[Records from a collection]
---+---

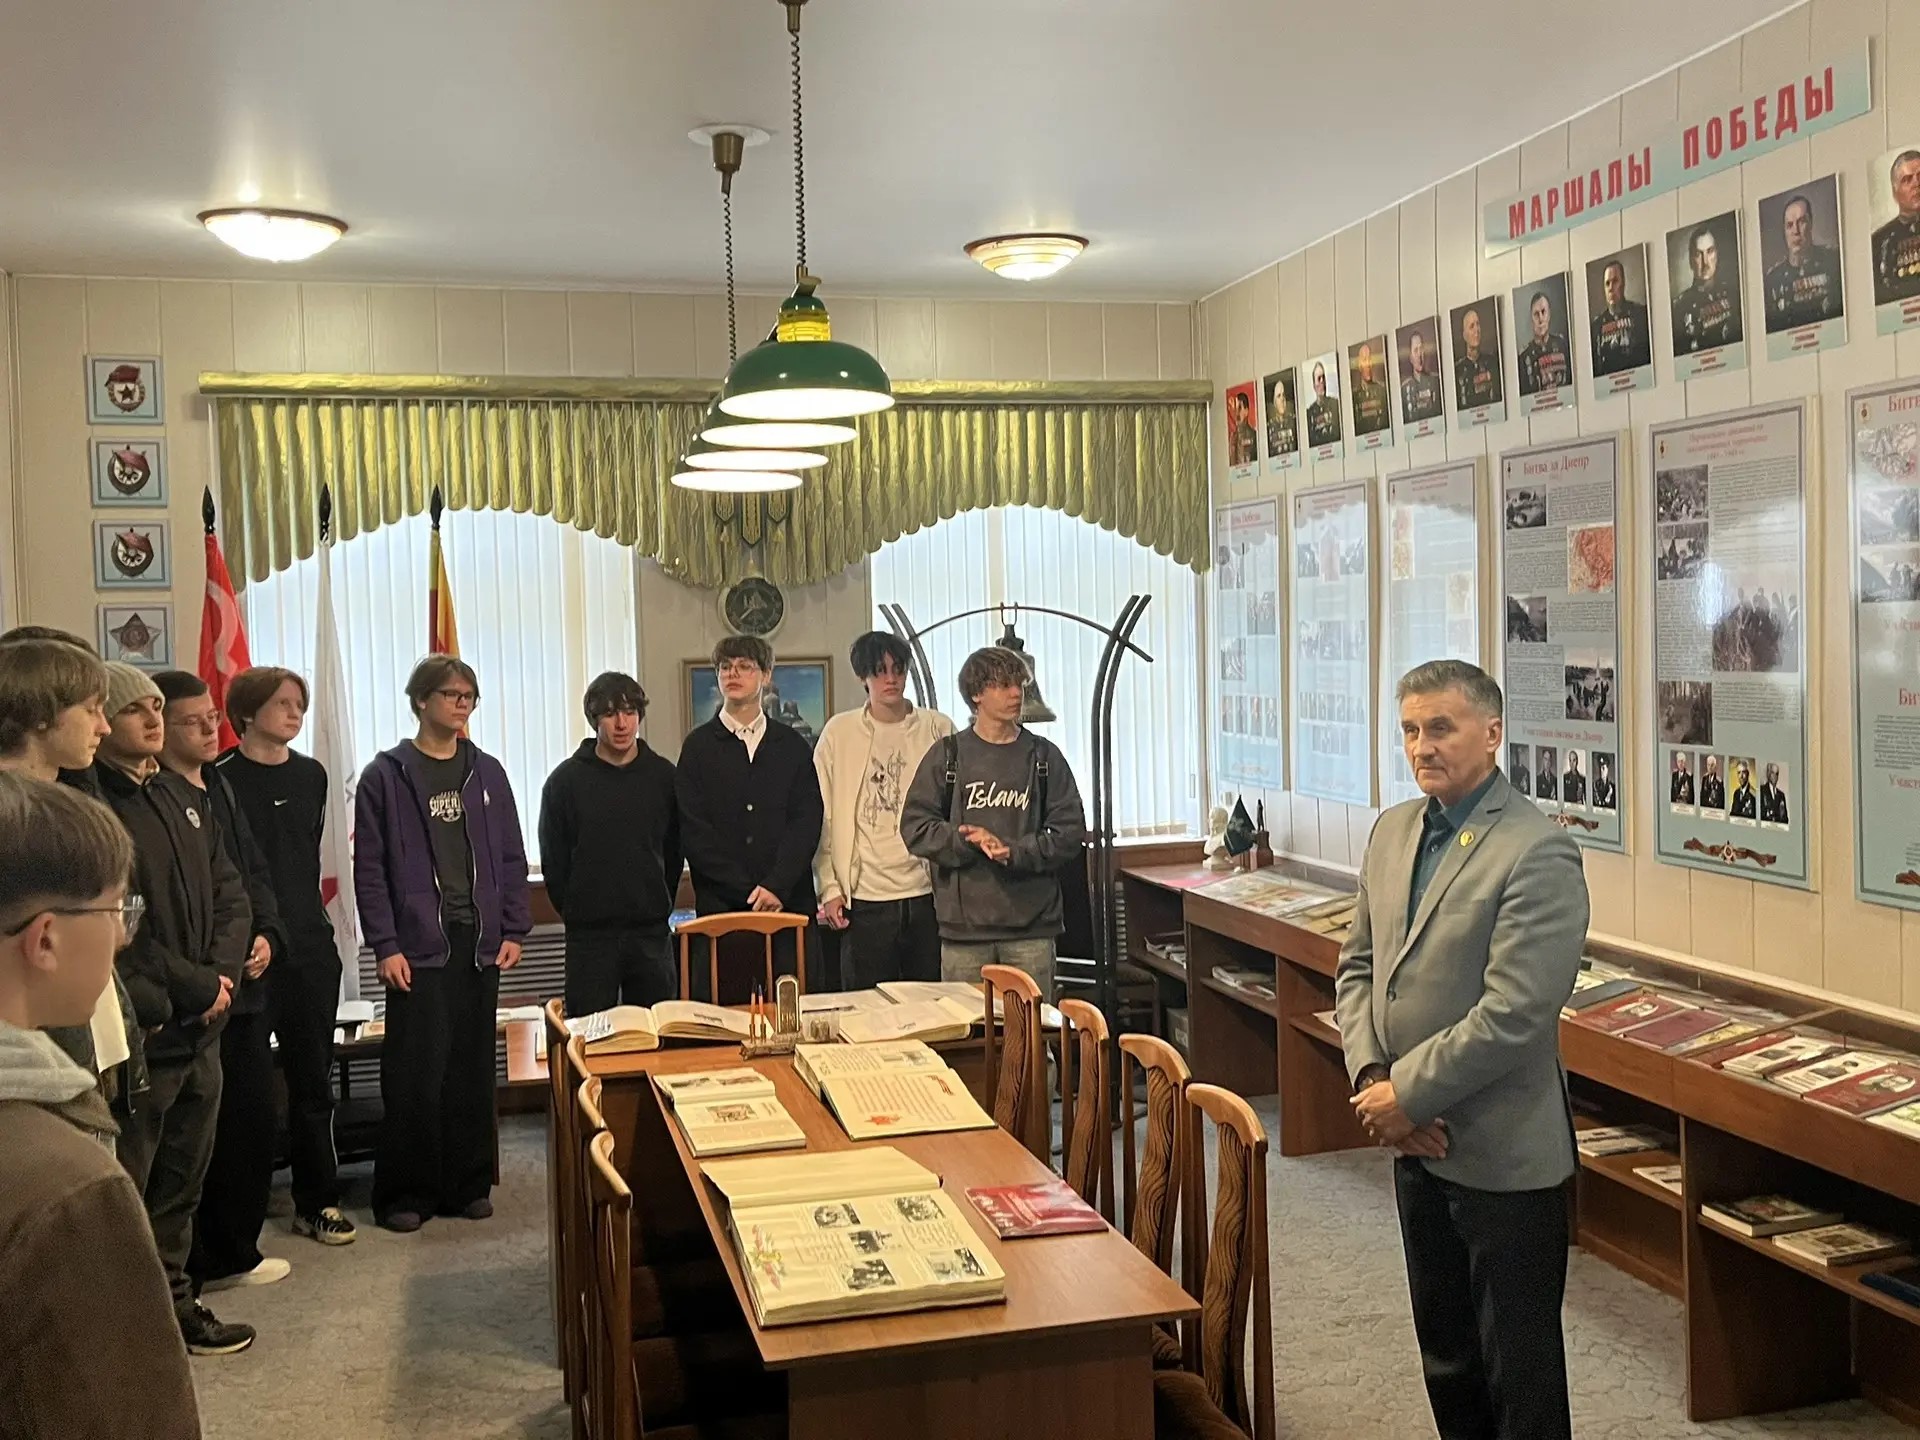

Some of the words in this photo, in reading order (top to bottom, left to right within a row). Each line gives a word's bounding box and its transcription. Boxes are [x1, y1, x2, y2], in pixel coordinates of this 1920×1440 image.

[1508, 146, 1652, 240] МАРШАЛЫ
[1682, 66, 1835, 170] ПОБЕДЫ
[1899, 687, 1920, 706] Би
[965, 781, 1030, 811] Island

---+---

• **Exercise brief**
Could you set down every record above word for word, leaving out the pictures?

• **Worked solution**
Some of the words in this photo, in reading order (top to bottom, left to right within a row). Each line gives a word's bounding box and its transcription. Boxes are [x1, y1, x2, y2], in pixel coordinates of this 1920×1440 image.

[1508, 146, 1652, 240] МАРШАЛЫ
[1682, 66, 1835, 170] ПОБЕДЫ
[1899, 687, 1920, 706] Би
[965, 781, 1030, 811] Island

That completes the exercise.